Endothelial progenitor cells (EPCs) derived from bone marrow are known to be heterogeneous. In this study, we tried to find favorable conditions that induce the differentiation of mononuclear cells (MNCs) from bone marrow into EPCs. The differentiation capacity of MNCs from rat bone marrow was investigated in different conditions, such as different media, different induction times and different culture surfaces. The cell morphology and endothelial biomarkers associated with differentiated MNCs were studied. Our results indicated that MNCs cultured in EGM-2MV (Endothelial cell basal medium-2, plus SingleQuots of growth supplements) developed a bursiform shape, a late EPC-like morphology, while MNCs cultured in complete medium (CM, M199 with 10% FBS, 20 ng/mL VEGF and 10 ng/mL bFGF) showed a spindle shape, an early EPC-like morphology. Cells of both morphologies were able to incorporate DiI-ac-LDL and bind lectin in vitro. MNCs cultured in EGM-2MV exhibited a higher proliferation rate and higher eNOS expression than MNCs cultured in CM. MNCs cultured in EGM-2MV had the ability to form tubes on Matrigel. Flow cytometry results indicated that CD133 expression was highest at day 12 and that the greatest number of cells positive for both FLK-1 and CD133 appeared at day 20 from cells cultured in dishes without fibronectin coating. In addition, the expression levels of CD133, CD31 and FLK-1/CD133 were not significantly different between cells of different shapes. Our experiments suggest that MNCs from bone marrow can be differentiated into late EP-like cells in EGM-2MV, which have the ability to rapidly proliferate. These MNCs can also be differentiated into early EP-like cells in CM. Additionally, fibronectin may not be necessary for the differentiation of EPCs to mature ECs after three generations. Differentiated MNCs from bone marrow in EGM-2MV have the characteristics of EPCs, although the expression levels of EPC markers were lower than previously reported.

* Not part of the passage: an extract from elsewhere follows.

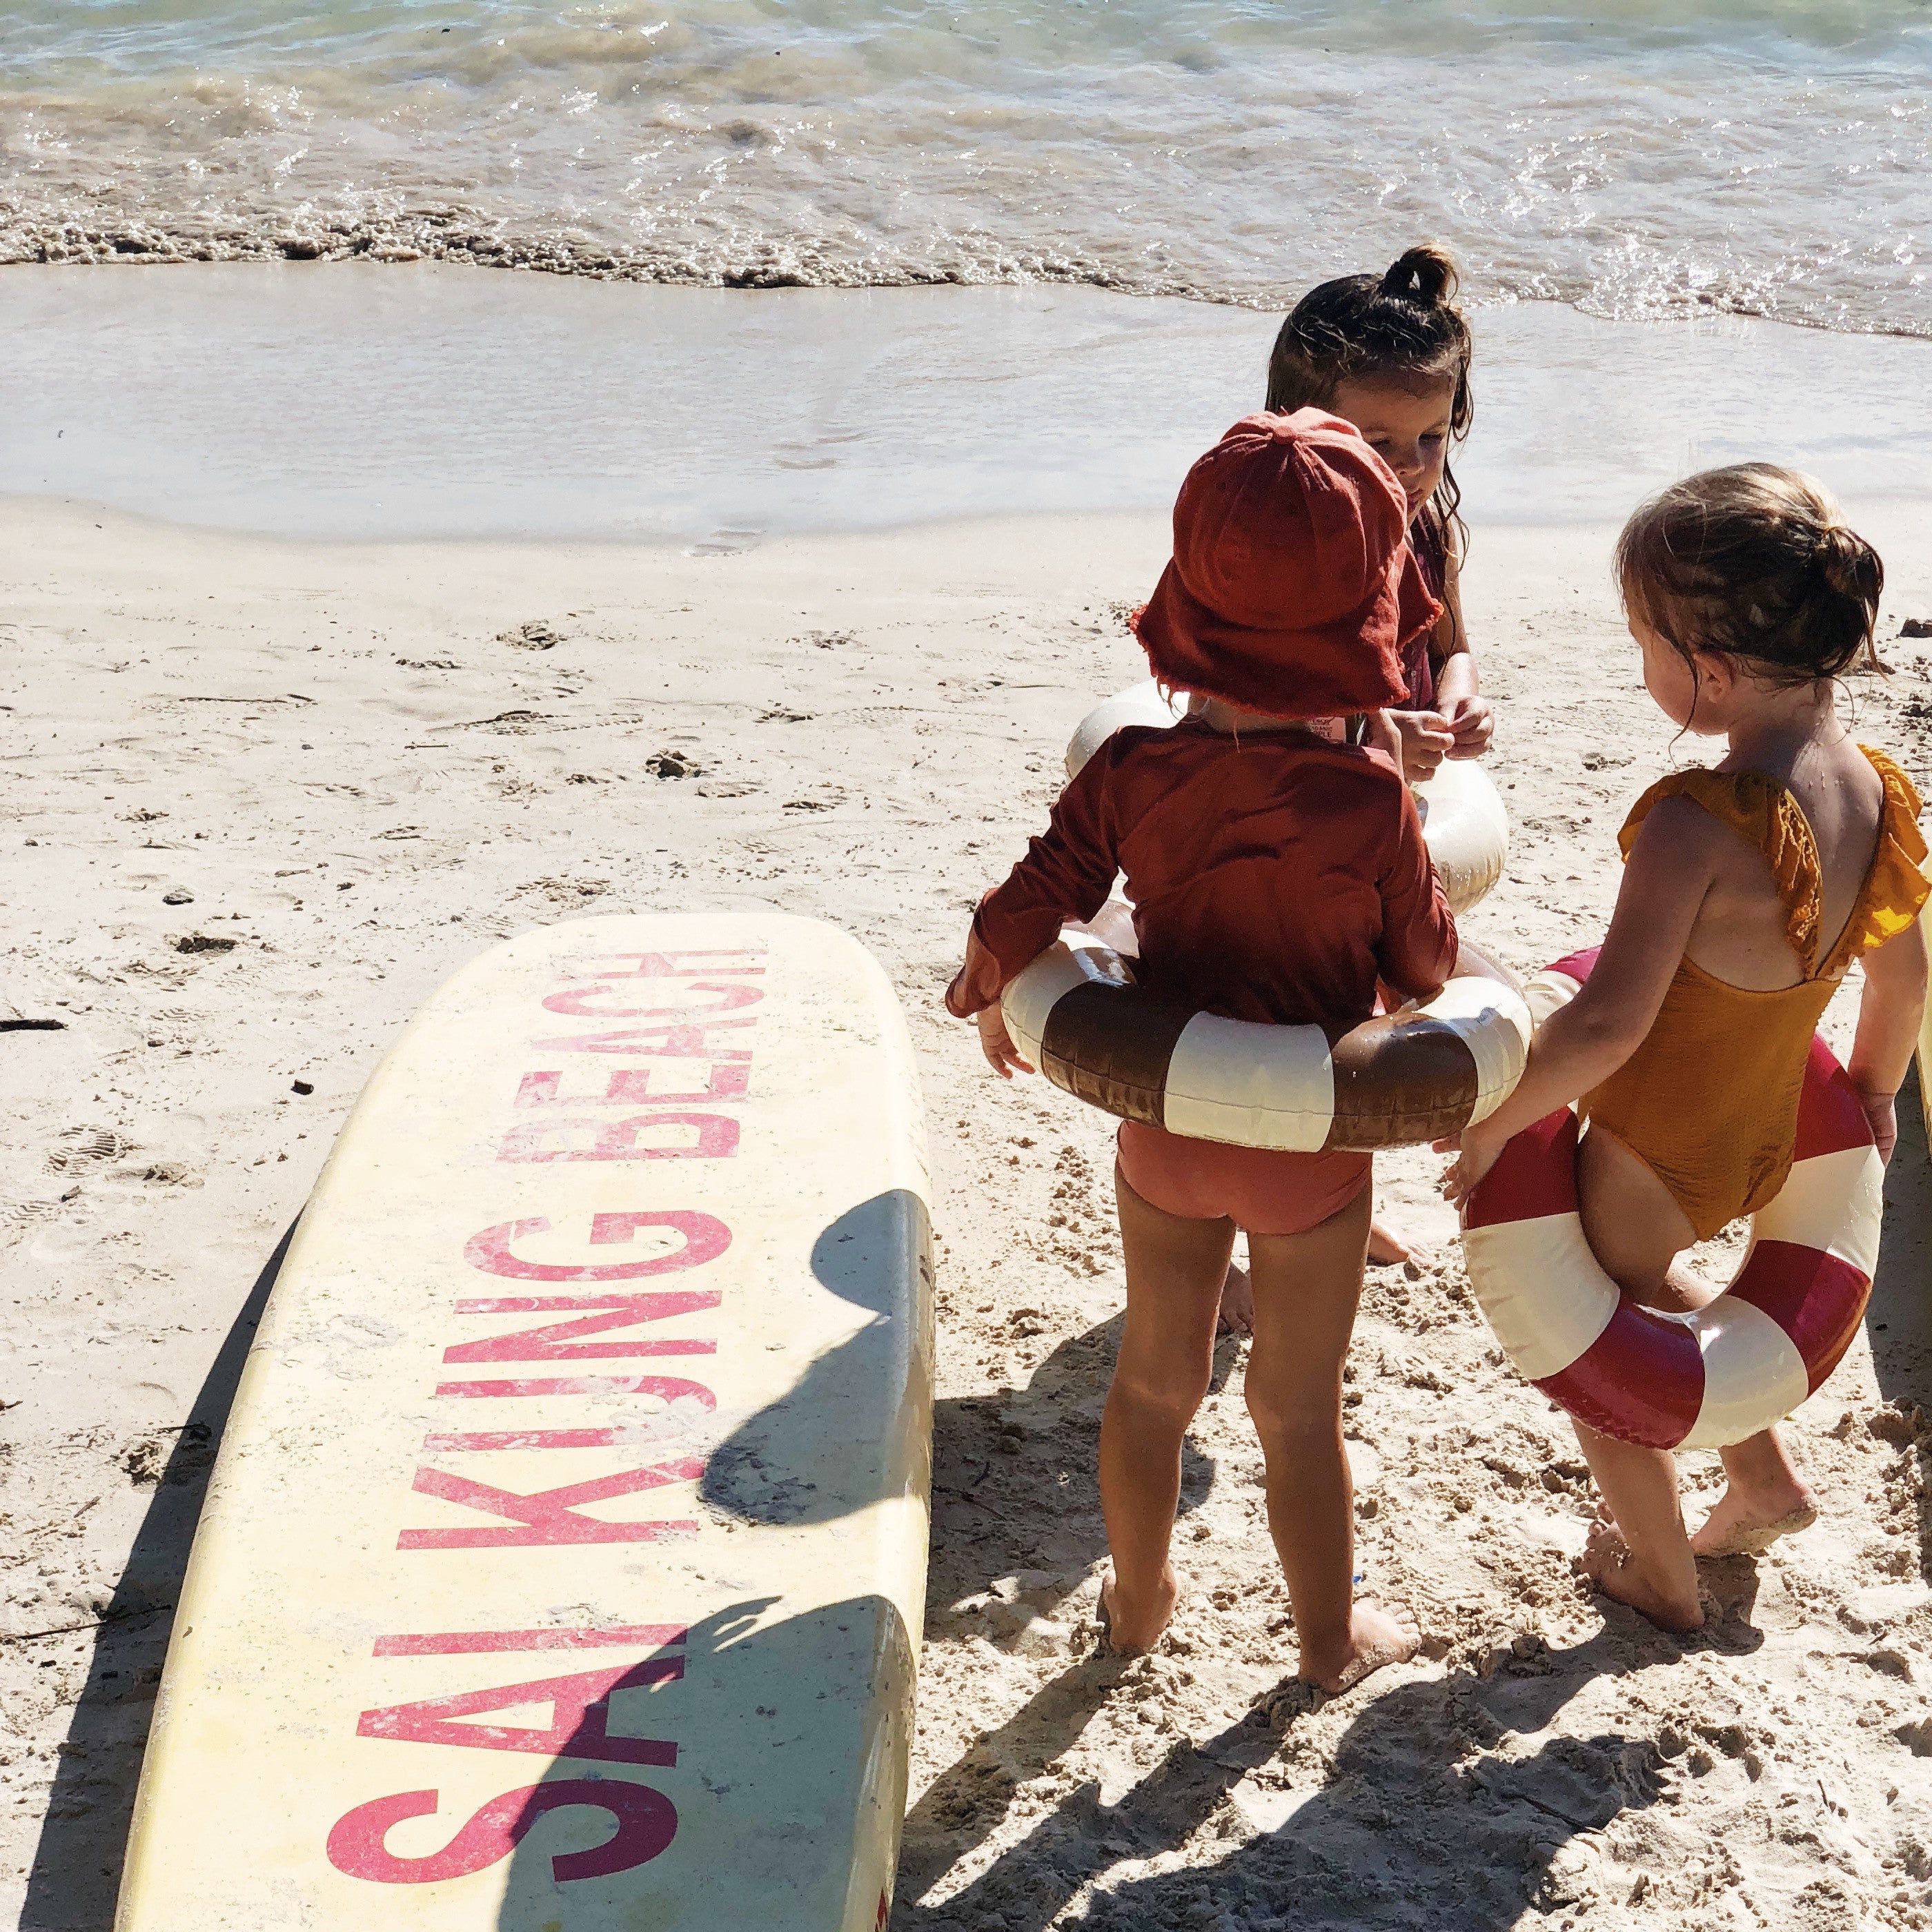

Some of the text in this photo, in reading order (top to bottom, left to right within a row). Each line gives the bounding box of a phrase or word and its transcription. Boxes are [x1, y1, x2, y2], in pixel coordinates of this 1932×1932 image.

[326, 949, 768, 1884] SAI KUNG BEACH
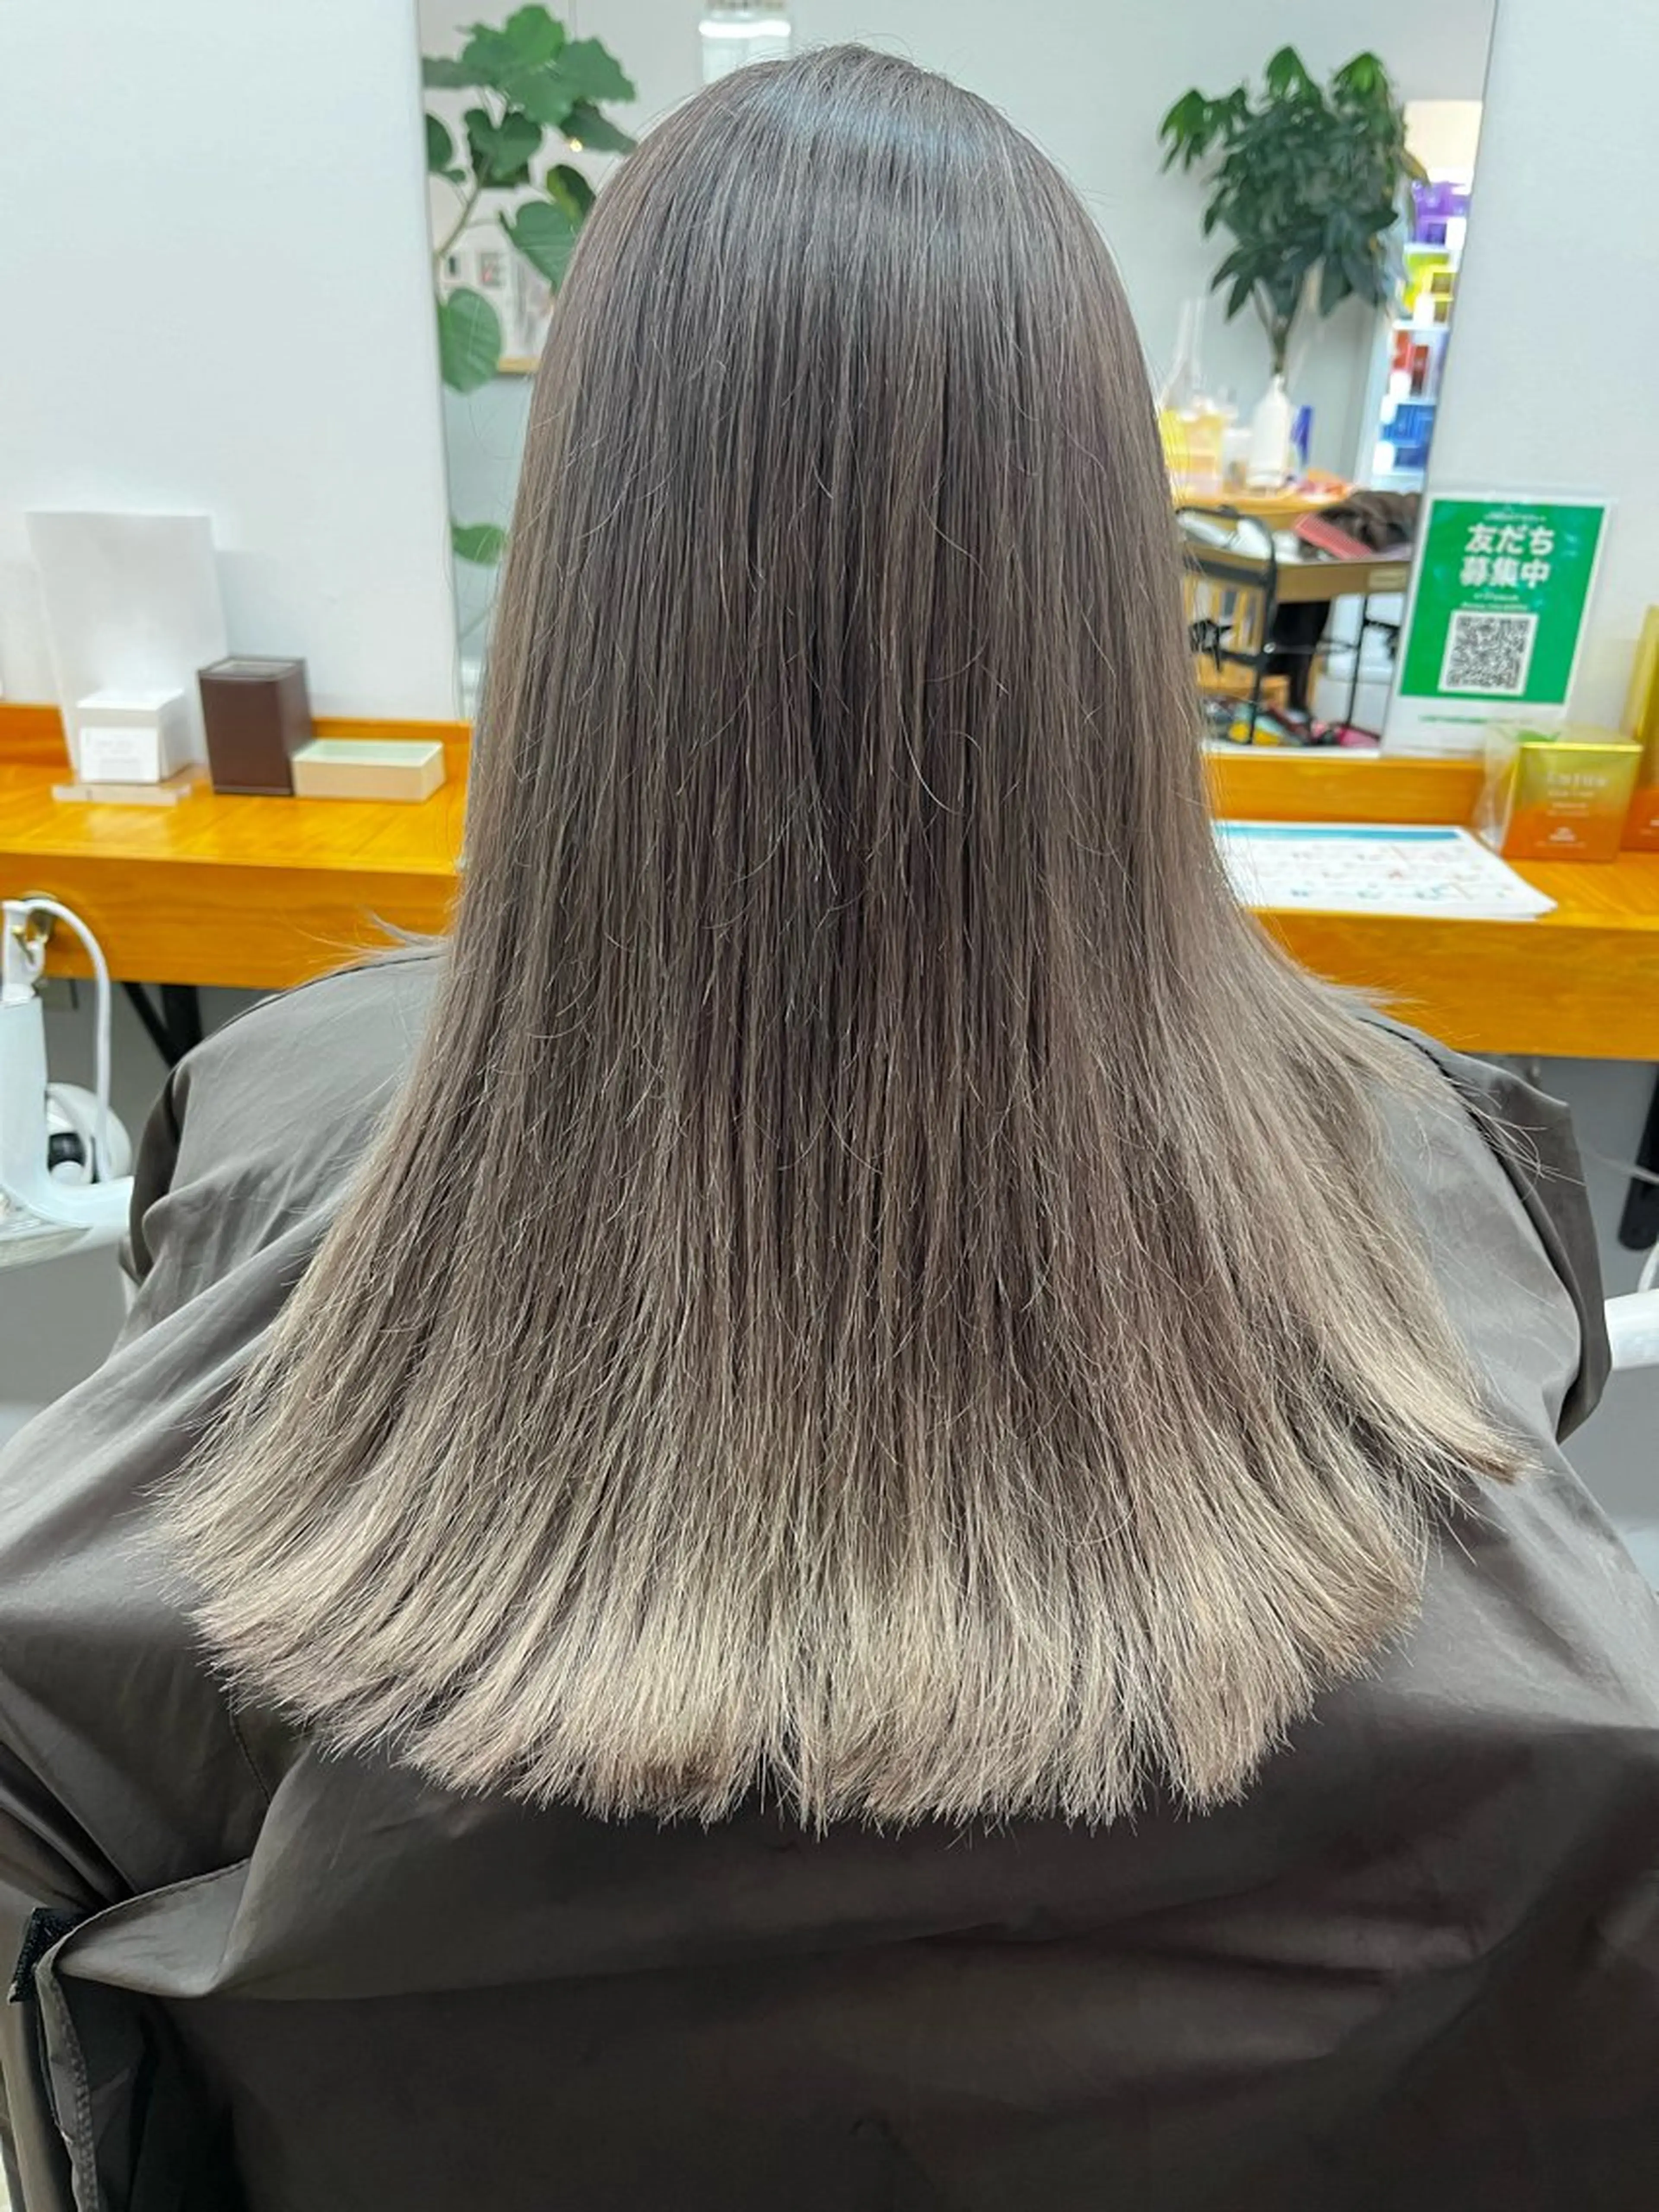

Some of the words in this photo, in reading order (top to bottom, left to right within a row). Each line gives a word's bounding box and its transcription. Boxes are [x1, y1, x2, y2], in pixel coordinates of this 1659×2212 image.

[1465, 523, 1554, 556] 友だち
[1460, 556, 1551, 589] 募集中

骨髓来源的内皮祖细胞 (EPC) 是不均一的。在这项研究中,我们试图找到有利的条件,诱导骨髓单个核细胞 (MNC) 分化为 EPC。研究了不同条件下大鼠骨髓 MNC 的分化能力,如不同的培养基、不同的诱导时间和不同的培养表面。研究了与分化的 MNC 相关的细胞形态和内皮生物标志物。我们的结果表明,在 EGM-2MV(内皮细胞基础培养基-2,加生长补充物单剂量)中培养的 MNC 呈泡囊状,具有晚期 EPC 样形态,而在完全培养基 (CM,含 10% FBS、20ng/mL VEGF 和 10ng/mL bFGF 的 M199) 中培养的 MNC 呈梭形,具有早期 EPC 样形态。两种形态的细胞均能在体外摄取 DiI-ac-LDL 并结合凝集素。在 EGM-2MV 中培养的 MNC 的增殖率和 eNOS 表达均高于在 CM 中培养的 MNC。在 EGM-2MV 中培养的 MNC 具有在 Matrigel 上形成管的能力。流式细胞术结果表明,CD133 表达在第 12 天最高,而在无纤连蛋白包被的培养皿中培养的细胞第 20 天出现最多的同时表达 FLK-1 和 CD133 的细胞。此外,不同形态细胞的 CD133、CD31 和 FLK-1/CD133 表达水平无显著差异。我们的实验表明,骨髓中的 MNC 可以在 EGM-2MV 中分化为晚期 EP 样细胞,具有快速增殖的能力。这些 MNC 也可以在 CM 中分化为早期 EP 样细胞。此外,在经过三代后,纤连蛋白可能不是 EPC 向成熟 EC 分化所必需的。在 EGM-2MV 中分化的骨髓 MNC 具有 EPC 的特征,尽管 EPC 标志物的表达水平低于之前的报道。